SoylentNews is people
SoylentNews
from the there's-lots-more-where-that-came-from dept.
Security maven Brian Krebs, possibly best known for his blog Krebs On Security, recently posted an article that puts a damper on the kerfluffle about a huge e-mail and password breach that has been recently announced: 773M Password 'Megabreach' is Years Old:
My inbox and Twitter messages positively lit up today with people forwarding stories from Wired and other publications about a supposedly new trove of nearly 773 million unique email addresses and 21 million unique passwords that were posted to a hacking forum. A story in The Guardian breathlessly dubbed it "the largest collection ever of breached data found." But in an interview with the apparent seller, KrebsOnSecurity learned that it is not even close to the largest gathering of stolen data, and that it is at least two to three years old.

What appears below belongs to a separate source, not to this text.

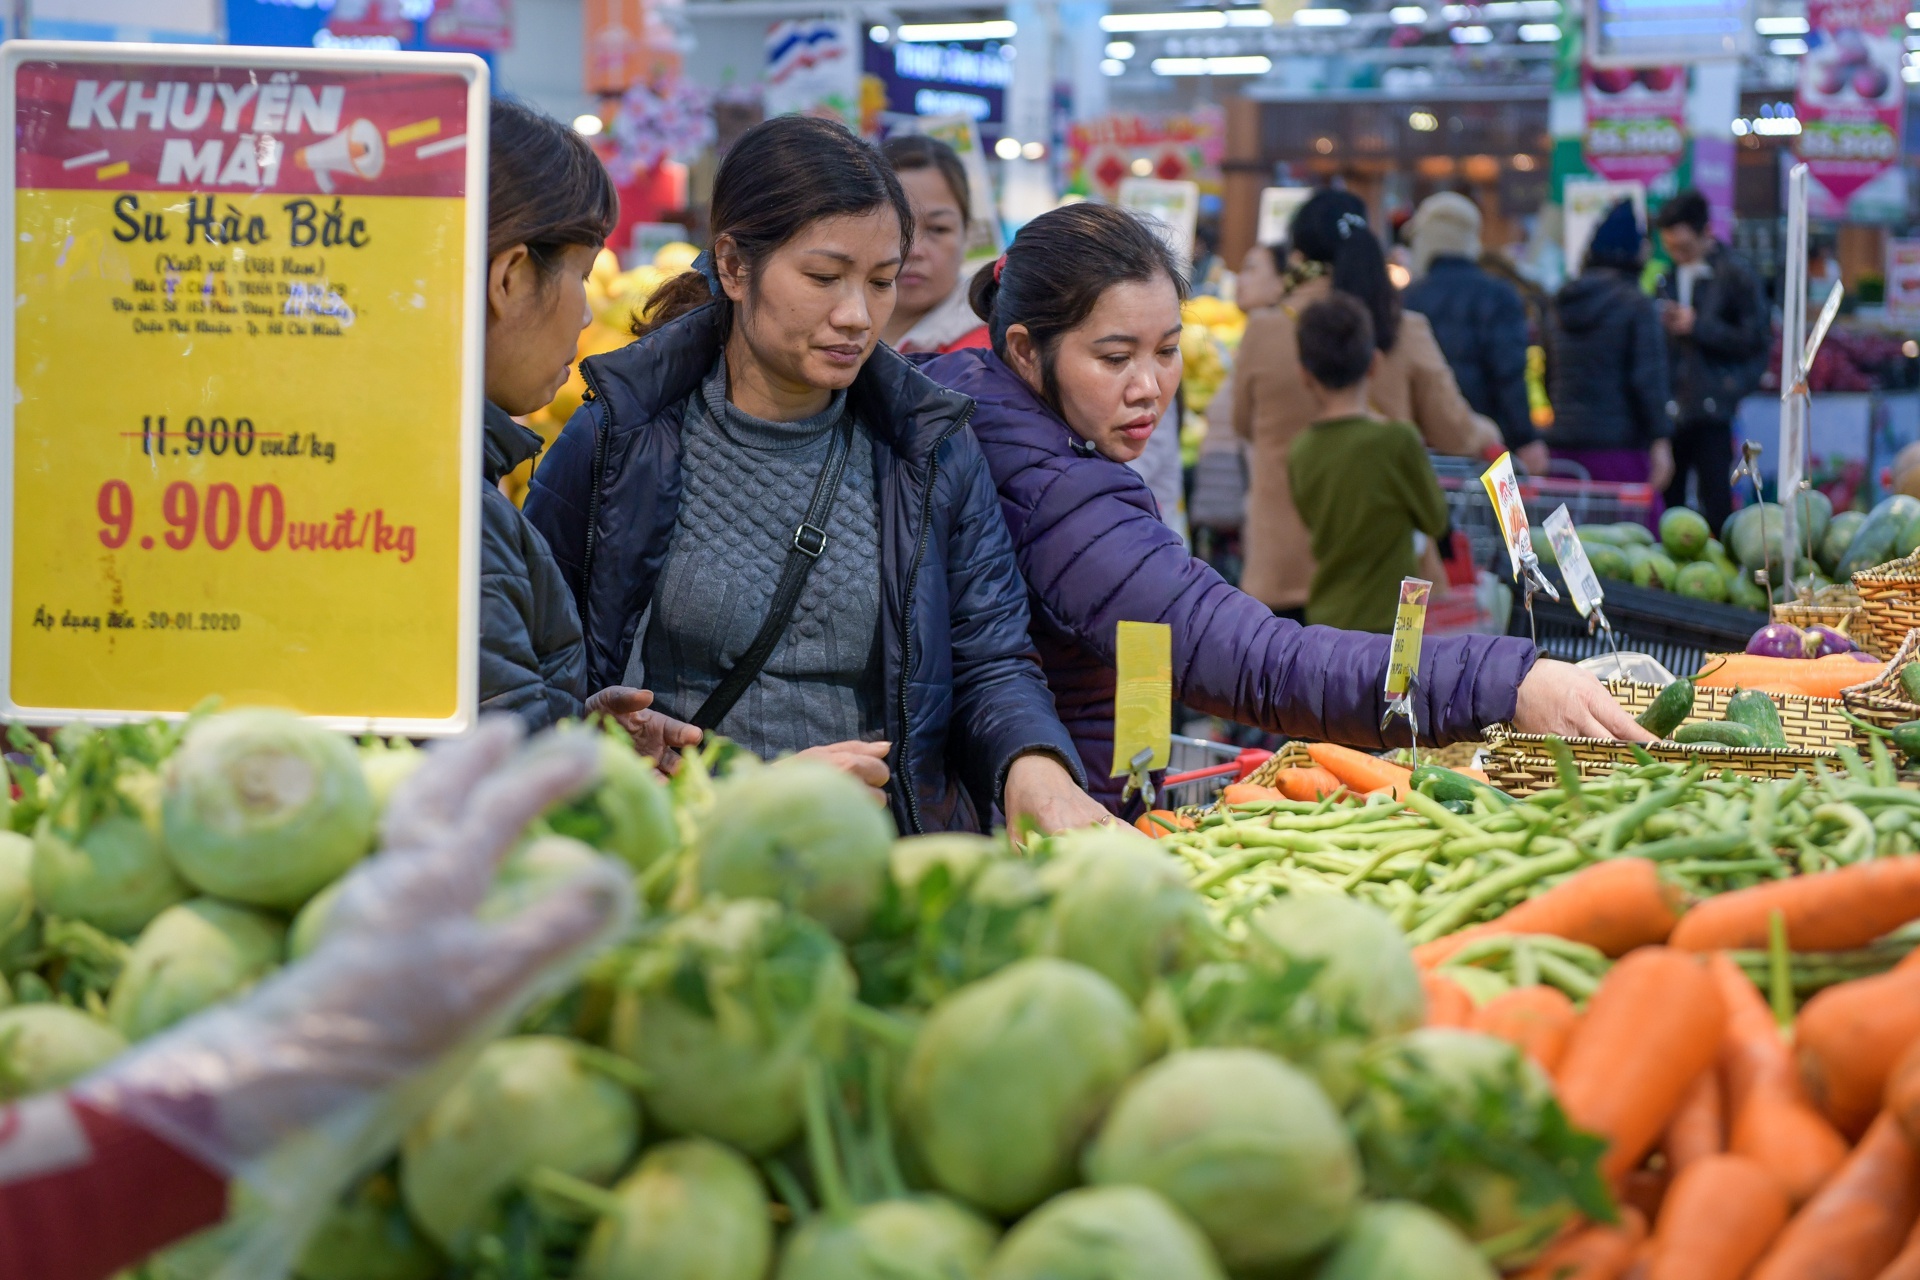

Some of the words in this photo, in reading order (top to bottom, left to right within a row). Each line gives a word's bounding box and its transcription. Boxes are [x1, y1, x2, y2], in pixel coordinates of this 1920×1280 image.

[113, 193, 171, 243] Su
[186, 194, 270, 245] Hào
[283, 197, 370, 249] Bắc

The dump, labeled "Collection #1" and approximately 87GB in size, was first detailed earlier today by Troy Hunt, who operates the HaveIBeenPwned breach notification service. Hunt said the data cache was likely "made up of many different individual data breaches from literally thousands of different sources."
[...] Collection #1 offered by this seller is indeed 87GB in size. He also advertises a Telegram username where he can be reached — "Sanixer." So, naturally, KrebsOnSecurity contacted Sanixer via Telegram to find out more about the origins of Collection #1, which he is presently selling for the bargain price of just $45.
Sanixer said Collection#1 consists of data pulled from a huge number of hacked sites, and was not exactly his "freshest" offering. Rather, he sort of steered me away from that archive, suggesting that — unlike most of his other wares — Collection #1 was at least 2-3 years old. His other password packages, which [...] total more than 4 terabytes in size, are less than a year old, Sanixer explained.
tl;dr: What you've seen recently mentioned in the press is old hat, and nothing to be too terribly concerned about. On the other hand, there are other collections -- over 5 times larger -- that are even newer. That is something to be concerned about.
What to do? The old advice still applies: Don't reuse passwords. Do use long passphrases or passwords. Do enable two-factor authentication. Do use a password manager. Avoid putting your e-mail out on the web in plain text for bots to find.
(Score: 2) by SomeGuy on Saturday January 19 2019, @07:53PM (1 child)
And don't forget to CHANGE your passwords every now and then. Otherwise it doesn't matter how old these password dumps are.
(Score: 2) by AthanasiusKircher on Sunday January 20 2019, @02:31AM
Not saying this is bad advice, but it's overrated compared to everything you quoted. Sites that force password changes every so often usually end up with users just iterating or doing some other stupid thing that a determined hacker could figure out.
The big problem with password breaches often isn't just the.individual site. It's the fact that when someone has your username and password, and you tend to reuse these -- suddenly someone can get access to lots of your accounts, steal your identity, do all sorts of bad stuff.
If you never reuse passwords (using a password manager is easy -- and makes it easy to use very long arbitrary passwords everywhere), and if you enable two-factor authentication for any site you really need to be extra secure, the chances that a single breach of an old password will result in significant damage is exceedingly low.
It's password reuse and lack of two-factor authentication where it matters that mostly makes old passwords dangerous.
(Again, I'm not saying changing passwords periodically is useless -- it's just something that people tend to worry about more than things that could make a bigger difference with less effort.)